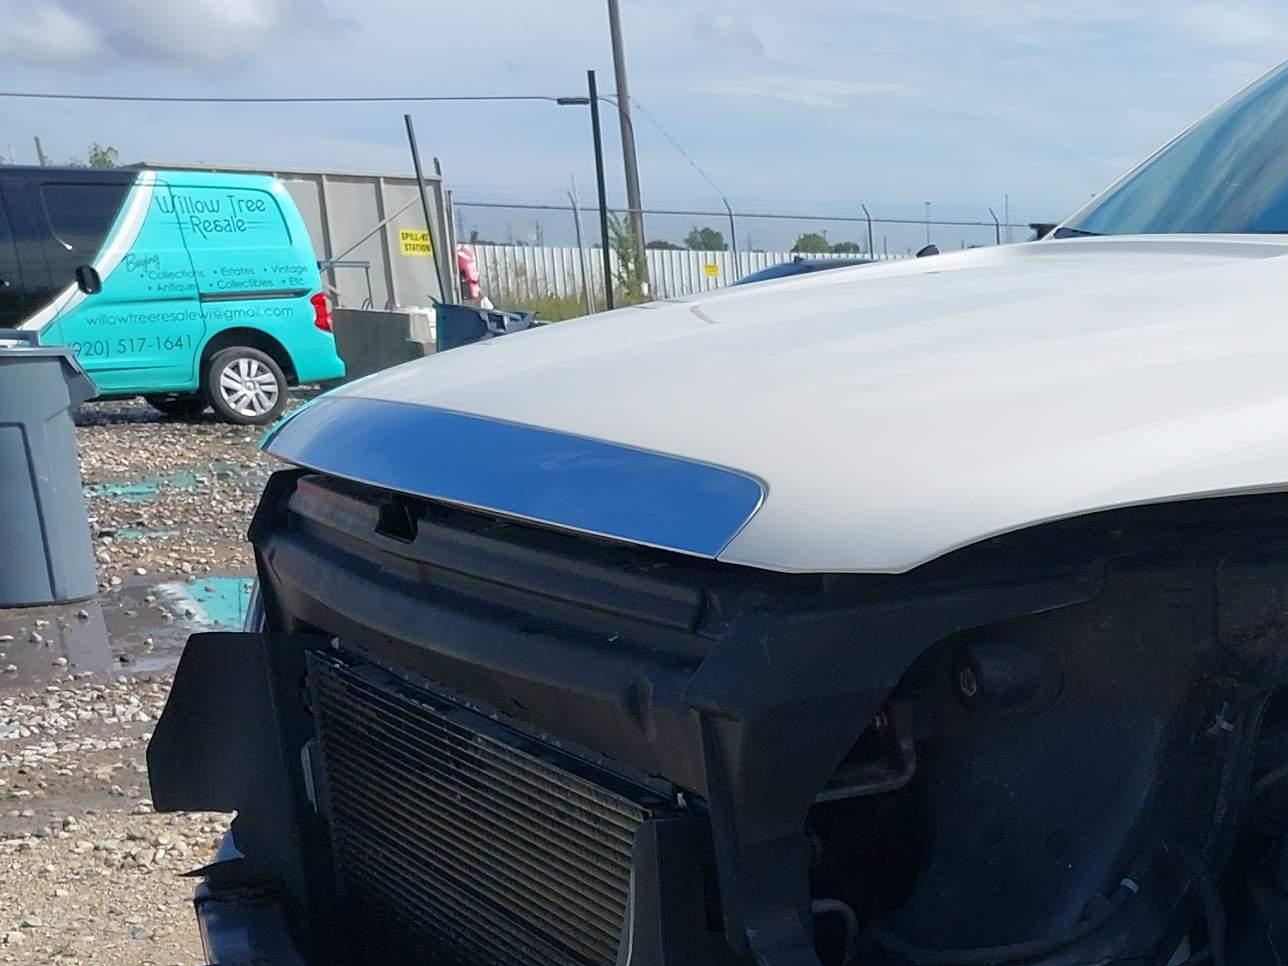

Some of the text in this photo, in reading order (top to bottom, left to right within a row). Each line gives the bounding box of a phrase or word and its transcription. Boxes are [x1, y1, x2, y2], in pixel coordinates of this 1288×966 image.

[155, 194, 266, 218] Willow Tree
[189, 215, 247, 240] Resale
[122, 253, 160, 273] Buying
[220, 266, 256, 277] Estates
[117, 334, 193, 354] 517-1641

### What you will do
Print the records above word for word, omitting any picture they contain.

### Answer to this exercise
Some of the text in this photo, in reading order (top to bottom, left to right within a row). Each line gives the bounding box of a phrase or word and its transcription. Boxes are [x1, y1, x2, y2], in pixel coordinates of this 1288×966 image.

[155, 194, 266, 218] Willow Tree
[189, 215, 247, 240] Resale
[122, 253, 160, 273] Buying
[220, 266, 256, 277] Estates
[117, 334, 193, 354] 517-1641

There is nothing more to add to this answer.